Por todo ello, el Tribunal ordena que Antena 3 cese de forma inmediata la emisión de ‘El Rosco’ y advierte en su resolución que se abre la puerta a imponer nuevas indemnizaciones si la conducta infractora se mantuviera en el tiempo. El fallo “valida la posibilidad de compensar los daños que continúen produciéndose” en caso de incumplimiento, reforzando así el alcance de la protección reconocida a la prueba final.
Un conflicto que lleva casi tres décadas latente
Para comprender este desenlace hay que retroceder hasta 1996, cuando los creadores Reto Luigi Pianta y René Mauricio Loeb desarrollaron la dinámica que hoy conocemos como ‘El Rosco’. Desde entonces, la autoría ha sido objeto de disputas que han atravesado varias cadenas, productoras y etapas televisivas.
El caso más recordado ocurrió en 2019, cuando Telecinco perdió la batalla legal contra ITV por los derechos del formato global y tuvo que retirar Pasapalabra de su parrilla. Entoces, Christian Gálvez era el presentador del formato. Aquella salida abrupta abrió una crisis de audiencia que, según diversos análisis publicados en prensa, marcó un antes y un después en la franja de tarde del canal. La situación se produjo porque la licencia que Telecinco explotaba no incluía todos los elementos del formato original, un vacío que se reveló determinante.
Cuando Antena 3 recuperó el concurso en 2020, lo hizo con una licencia distinta, basada en el formato británico The Alphabet Game, pero la sombra judicial sobre ‘El Rosco’ seguía presente. En 2022, la Audiencia Provincial de Barcelona reconoció que la prueba final era una obra original protegida y que su titularidad correspondía a MC&F, imponiendo además una indemnización de 50.000 euros. La sentencia del Supremo ratifica ahora ese fallo y cierra el conflicto en España.
En este recorrido histórico también se dibuja la evolución del propio programa, que ha pasado por las manos de Silvia Jato, Jaime Cantizano, Christian Gálvez y, en su etapa actual, Roberto Leal, cuyo estilo cercano y ágil ha contribuido a consolidar el liderazgo del formato en Antena 3. La trayectoria de sus respectivos presentadores refleja cómo Pasapalabra ha ido adaptándose a cada época sin perder su esencia.
Más allá de lo jurídico, la decisión tiene también un fuerte impacto emocional. ‘El Rosco’ es, sin duda, la prueba estrella del concurso: el momento en el que se entregan los botes millonarios, donde se forjan fenómenos televisivos como Orestes Barbero o Rafa Castaño, donde se construyen historias de superación, nervios y mucha épica. Es el instante que ha convertido a Pasapalabra en un ritual cotidiano para miles de familias.

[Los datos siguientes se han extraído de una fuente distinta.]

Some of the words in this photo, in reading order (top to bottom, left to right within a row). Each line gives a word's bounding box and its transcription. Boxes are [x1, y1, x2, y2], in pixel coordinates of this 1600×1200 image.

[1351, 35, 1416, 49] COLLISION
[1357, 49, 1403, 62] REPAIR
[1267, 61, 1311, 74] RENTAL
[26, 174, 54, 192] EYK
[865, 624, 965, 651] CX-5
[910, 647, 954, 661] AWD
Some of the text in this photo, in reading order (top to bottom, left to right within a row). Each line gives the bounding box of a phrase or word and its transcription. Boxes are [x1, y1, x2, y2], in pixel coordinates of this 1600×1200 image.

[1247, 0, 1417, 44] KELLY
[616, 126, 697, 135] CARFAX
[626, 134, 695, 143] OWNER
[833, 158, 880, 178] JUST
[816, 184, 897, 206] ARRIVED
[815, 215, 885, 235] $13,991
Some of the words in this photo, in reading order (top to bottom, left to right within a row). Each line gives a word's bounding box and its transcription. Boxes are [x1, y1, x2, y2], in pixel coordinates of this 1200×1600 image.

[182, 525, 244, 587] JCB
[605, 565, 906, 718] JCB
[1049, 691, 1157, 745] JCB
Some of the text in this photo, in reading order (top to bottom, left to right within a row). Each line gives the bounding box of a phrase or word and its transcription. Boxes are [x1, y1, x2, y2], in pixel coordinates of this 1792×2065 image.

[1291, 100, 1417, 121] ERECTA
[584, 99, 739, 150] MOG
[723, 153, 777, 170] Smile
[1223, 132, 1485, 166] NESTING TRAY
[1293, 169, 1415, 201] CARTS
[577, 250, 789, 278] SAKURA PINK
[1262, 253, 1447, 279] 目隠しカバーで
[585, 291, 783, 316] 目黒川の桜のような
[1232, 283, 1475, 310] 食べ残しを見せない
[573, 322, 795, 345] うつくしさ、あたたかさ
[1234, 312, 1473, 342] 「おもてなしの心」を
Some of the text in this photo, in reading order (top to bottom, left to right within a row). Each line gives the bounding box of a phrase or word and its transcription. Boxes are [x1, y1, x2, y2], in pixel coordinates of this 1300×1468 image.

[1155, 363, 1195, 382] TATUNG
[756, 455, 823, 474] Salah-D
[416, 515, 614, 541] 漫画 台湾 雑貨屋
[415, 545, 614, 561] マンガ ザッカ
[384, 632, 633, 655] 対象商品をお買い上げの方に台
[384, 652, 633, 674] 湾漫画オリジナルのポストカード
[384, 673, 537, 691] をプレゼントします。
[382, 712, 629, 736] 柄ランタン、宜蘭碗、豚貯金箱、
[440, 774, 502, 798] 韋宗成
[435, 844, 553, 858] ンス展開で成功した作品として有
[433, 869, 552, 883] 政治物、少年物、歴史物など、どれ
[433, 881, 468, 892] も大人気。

Sin esa prueba, el formato pierde su identidad emocional, su sello, su ADN. El concurso ahora deberá reinventar su final con una prueba completamente nueva, algo que supone un riesgo creativo y comercial. Cualquier parecido con la mecánica original podría considerarse infracción, lo que obliga a un rediseño profundo. El equipo del programa ya trabaja en alternativas, aunque ninguna podrá recordar a la estructura que ahora queda protegida por sentencia.
La decisión del Supremo no es solo un revés para Antena 3: es un hito en la historia de la televisión y, por supuesto, del programa. Mientras tanto, la pregunta que se hacen millones de espectadores es la misma: ¿Cómo será ‘Pasapalabra’ sin ‘El Rosco’?